The structure identified in the Milky Way contains fewer heavy elements than any other known star system in our galaxy. The discovery described in a scientific article published on Wednesday (5) in the journal nature, through the Gemini Observatory, a program of the US National Laboratory for Optical and Infrared Astronomy Research (NOIRLab).
According to observations, stars in this stream were torn from an ancient star cluster and are remnants from the early days of the Milky Way, which can provide data on how the first stars formed.
An international team of researchers, including members from the European Union, Canada and Russia, has been tasked with discovering C-19, as the stellar stream is called, which lies south of the Milky Way. Its orbit extends about 20,000 light-years from the galactic center to its nearest location and about 90,000 light-years from its farthest point.
The star system occupies an area equal to 30 full moons in the Milky Way
Scientists say the star system spans an impressive area of the night sky – about 30 times the width of the full moon – even though it is not visible to the naked eye.
Using the Gemini North Telescope, located in Hawaii, and Gemini’s remote access to the CFHT SPADES Spectrograph (GRACES) instrument, both from the Gemini Observatory, the team realized that C-19 was the remnant of a ‘globular cluster’.

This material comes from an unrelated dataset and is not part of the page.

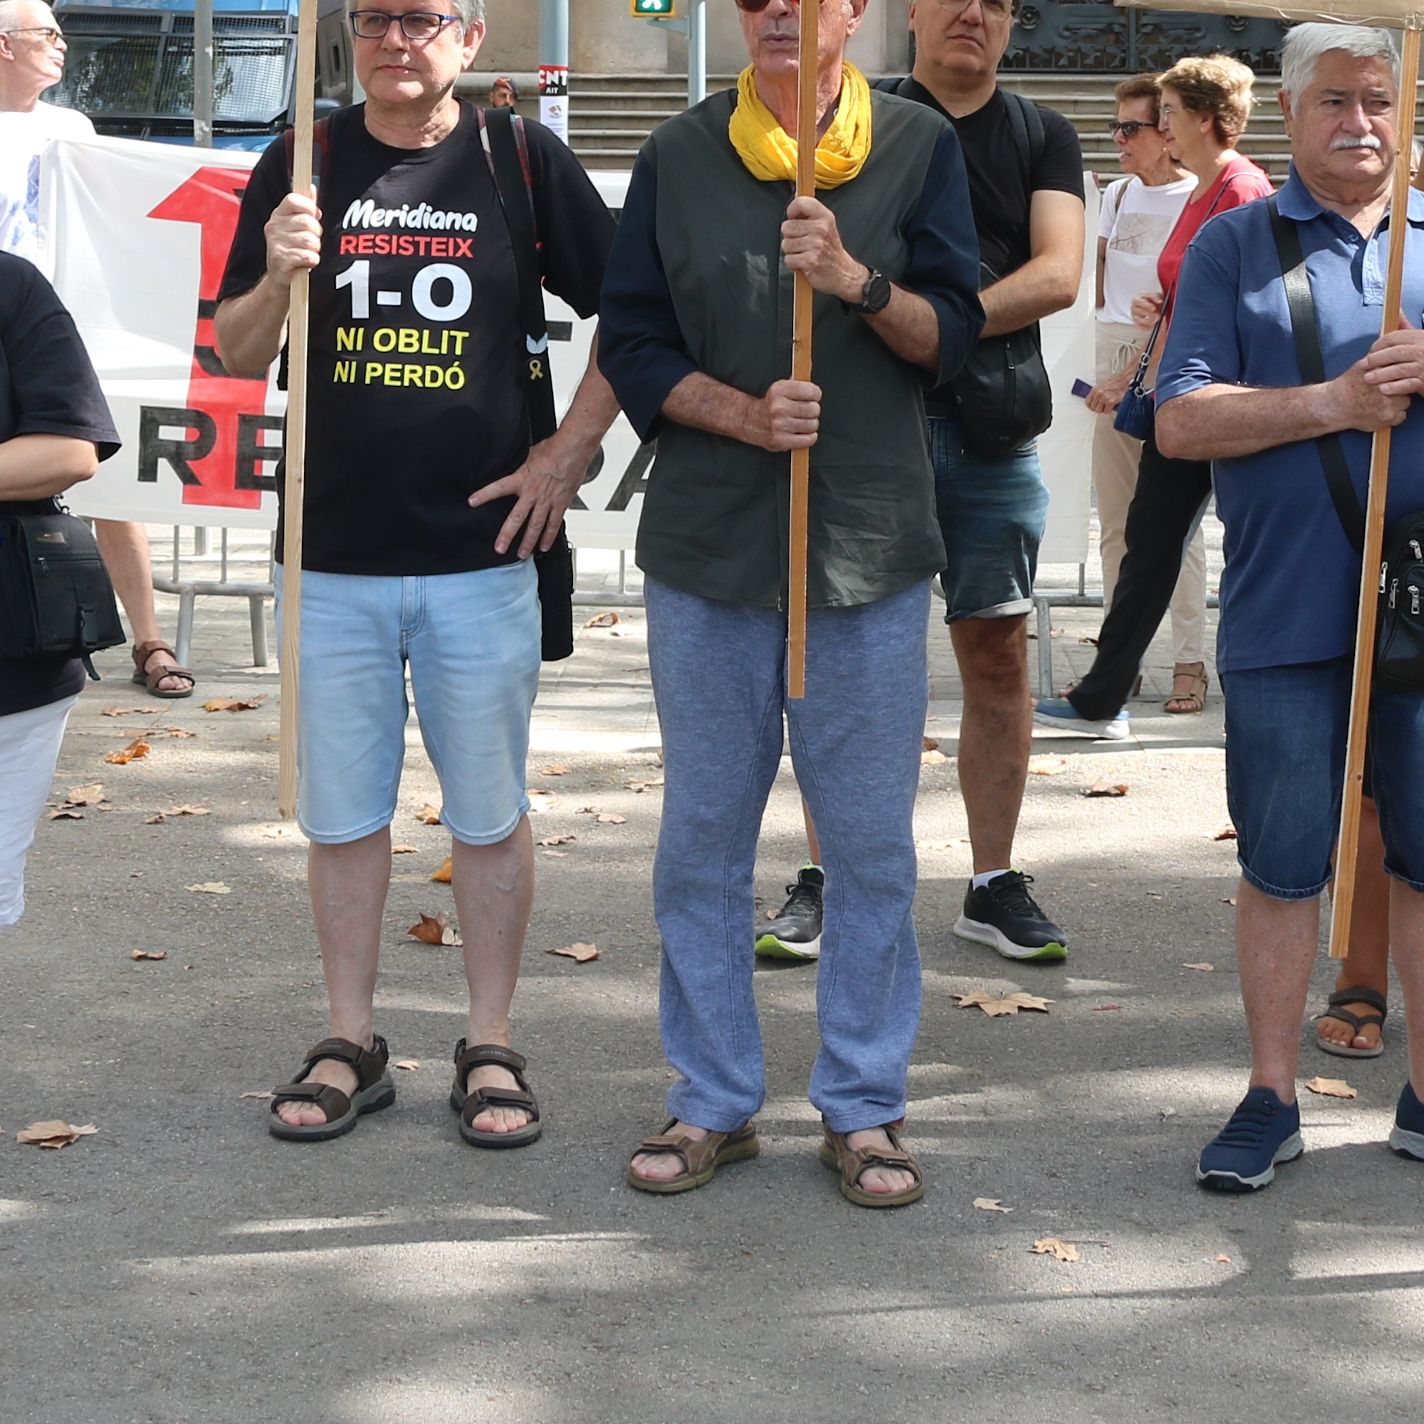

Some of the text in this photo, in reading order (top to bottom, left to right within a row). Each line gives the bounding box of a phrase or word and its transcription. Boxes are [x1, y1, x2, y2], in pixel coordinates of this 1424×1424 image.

It was previously believed that red globular clusters contain up to 0.2% metal, but C-19 has an unprecedented level: less than 0.05% metallic.
The finding that the weak metallic flux comes from the globular cluster has implications for the formation of stars, star clusters, and galaxies in the early universe.
In fact, the very existence of this flow suggests that globular clusters, the first building blocks of the Milky Way, must have been able to form in metal-poor environments, before successive generations fed the universe in heavy elements.
“We didn’t know if there were globular clusters with a few heavy elements in them. Some theories suggested that they could not be formed,” said Nicholas Martin, of the Strasbourg Astronomical Observatory, lead author of the study. Other theories suggest that they all died a long time ago, making this a fundamental discovery for our understanding of star formation in the early universe.”
Team members initially detected C-19 in data from the Gaia satellite using an algorithm they designed specifically for stellar flux detection. C-19 stars were also identified by the pristine survey — a search for the least metallic stars in and around the Milky Way using the telescope of Canada, France and Hawaii — as being interesting enough to warrant follow-up observations.